• _WHAT YOU ARE ASKED TO DO_
Write the data out again in full, with no departure from the original.

== Segment start ==

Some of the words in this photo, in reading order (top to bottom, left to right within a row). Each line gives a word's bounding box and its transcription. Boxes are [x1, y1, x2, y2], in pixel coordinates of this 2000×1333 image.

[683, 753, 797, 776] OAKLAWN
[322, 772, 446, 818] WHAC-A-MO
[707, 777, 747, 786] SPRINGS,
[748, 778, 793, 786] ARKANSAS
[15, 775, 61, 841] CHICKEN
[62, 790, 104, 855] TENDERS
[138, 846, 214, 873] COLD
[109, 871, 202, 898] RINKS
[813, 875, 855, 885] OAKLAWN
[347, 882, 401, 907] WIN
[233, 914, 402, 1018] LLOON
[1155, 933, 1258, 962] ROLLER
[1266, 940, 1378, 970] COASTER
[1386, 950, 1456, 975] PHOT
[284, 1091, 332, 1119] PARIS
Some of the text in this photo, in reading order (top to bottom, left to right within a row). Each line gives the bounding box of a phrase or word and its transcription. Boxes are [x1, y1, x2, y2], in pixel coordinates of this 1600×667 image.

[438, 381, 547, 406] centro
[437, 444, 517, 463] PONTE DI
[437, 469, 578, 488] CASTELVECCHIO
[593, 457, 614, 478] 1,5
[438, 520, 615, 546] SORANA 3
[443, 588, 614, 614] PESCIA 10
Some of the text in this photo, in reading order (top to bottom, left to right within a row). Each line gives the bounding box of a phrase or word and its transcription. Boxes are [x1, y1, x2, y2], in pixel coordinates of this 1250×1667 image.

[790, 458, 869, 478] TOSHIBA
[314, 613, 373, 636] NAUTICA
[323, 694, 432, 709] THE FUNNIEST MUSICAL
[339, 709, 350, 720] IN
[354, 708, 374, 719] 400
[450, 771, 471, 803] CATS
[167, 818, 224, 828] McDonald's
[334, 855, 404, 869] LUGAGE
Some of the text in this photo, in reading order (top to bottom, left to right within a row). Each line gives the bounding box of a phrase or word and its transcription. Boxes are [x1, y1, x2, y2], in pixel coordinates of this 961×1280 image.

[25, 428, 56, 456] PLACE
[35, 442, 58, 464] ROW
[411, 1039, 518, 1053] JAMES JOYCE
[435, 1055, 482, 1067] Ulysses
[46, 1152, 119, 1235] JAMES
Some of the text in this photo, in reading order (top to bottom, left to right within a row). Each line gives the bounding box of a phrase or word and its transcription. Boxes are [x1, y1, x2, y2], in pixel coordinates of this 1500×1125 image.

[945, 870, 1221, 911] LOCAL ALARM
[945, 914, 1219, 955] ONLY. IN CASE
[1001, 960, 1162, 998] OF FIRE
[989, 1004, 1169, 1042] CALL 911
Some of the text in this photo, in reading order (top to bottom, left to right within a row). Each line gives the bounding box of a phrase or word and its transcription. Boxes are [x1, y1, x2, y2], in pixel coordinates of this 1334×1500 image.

== Segment end ==

• _SOLUTION FOR THIS EXERCISE_
Some of the words in this photo, in reading order (top to bottom, left to right within a row). Each line gives a word's bounding box and its transcription. Boxes are [x1, y1, x2, y2], in pixel coordinates of this 2000×1333 image.

[683, 753, 797, 776] OAKLAWN
[322, 772, 446, 818] WHAC-A-MO
[707, 777, 747, 786] SPRINGS,
[748, 778, 793, 786] ARKANSAS
[15, 775, 61, 841] CHICKEN
[62, 790, 104, 855] TENDERS
[138, 846, 214, 873] COLD
[109, 871, 202, 898] RINKS
[813, 875, 855, 885] OAKLAWN
[347, 882, 401, 907] WIN
[233, 914, 402, 1018] LLOON
[1155, 933, 1258, 962] ROLLER
[1266, 940, 1378, 970] COASTER
[1386, 950, 1456, 975] PHOT
[284, 1091, 332, 1119] PARIS
Some of the text in this photo, in reading order (top to bottom, left to right within a row). Each line gives the bounding box of a phrase or word and its transcription. Boxes are [x1, y1, x2, y2], in pixel coordinates of this 1600×667 image.

[438, 381, 547, 406] centro
[437, 444, 517, 463] PONTE DI
[437, 469, 578, 488] CASTELVECCHIO
[593, 457, 614, 478] 1,5
[438, 520, 615, 546] SORANA 3
[443, 588, 614, 614] PESCIA 10
Some of the text in this photo, in reading order (top to bottom, left to right within a row). Each line gives the bounding box of a phrase or word and its transcription. Boxes are [x1, y1, x2, y2], in pixel coordinates of this 1250×1667 image.

[790, 458, 869, 478] TOSHIBA
[314, 613, 373, 636] NAUTICA
[323, 694, 432, 709] THE FUNNIEST MUSICAL
[339, 709, 350, 720] IN
[354, 708, 374, 719] 400
[450, 771, 471, 803] CATS
[167, 818, 224, 828] McDonald's
[334, 855, 404, 869] LUGAGE
Some of the text in this photo, in reading order (top to bottom, left to right within a row). Each line gives the bounding box of a phrase or word and its transcription. Boxes are [x1, y1, x2, y2], in pixel coordinates of this 961×1280 image.

[25, 428, 56, 456] PLACE
[35, 442, 58, 464] ROW
[411, 1039, 518, 1053] JAMES JOYCE
[435, 1055, 482, 1067] Ulysses
[46, 1152, 119, 1235] JAMES
Some of the text in this photo, in reading order (top to bottom, left to right within a row). Each line gives the bounding box of a phrase or word and its transcription. Boxes are [x1, y1, x2, y2], in pixel coordinates of this 1500×1125 image.

[945, 870, 1221, 911] LOCAL ALARM
[945, 914, 1219, 955] ONLY. IN CASE
[1001, 960, 1162, 998] OF FIRE
[989, 1004, 1169, 1042] CALL 911
Some of the text in this photo, in reading order (top to bottom, left to right within a row). Each line gives the bounding box of a phrase or word and its transcription. Boxes are [x1, y1, x2, y2], in pixel coordinates of this 1334×1500 image.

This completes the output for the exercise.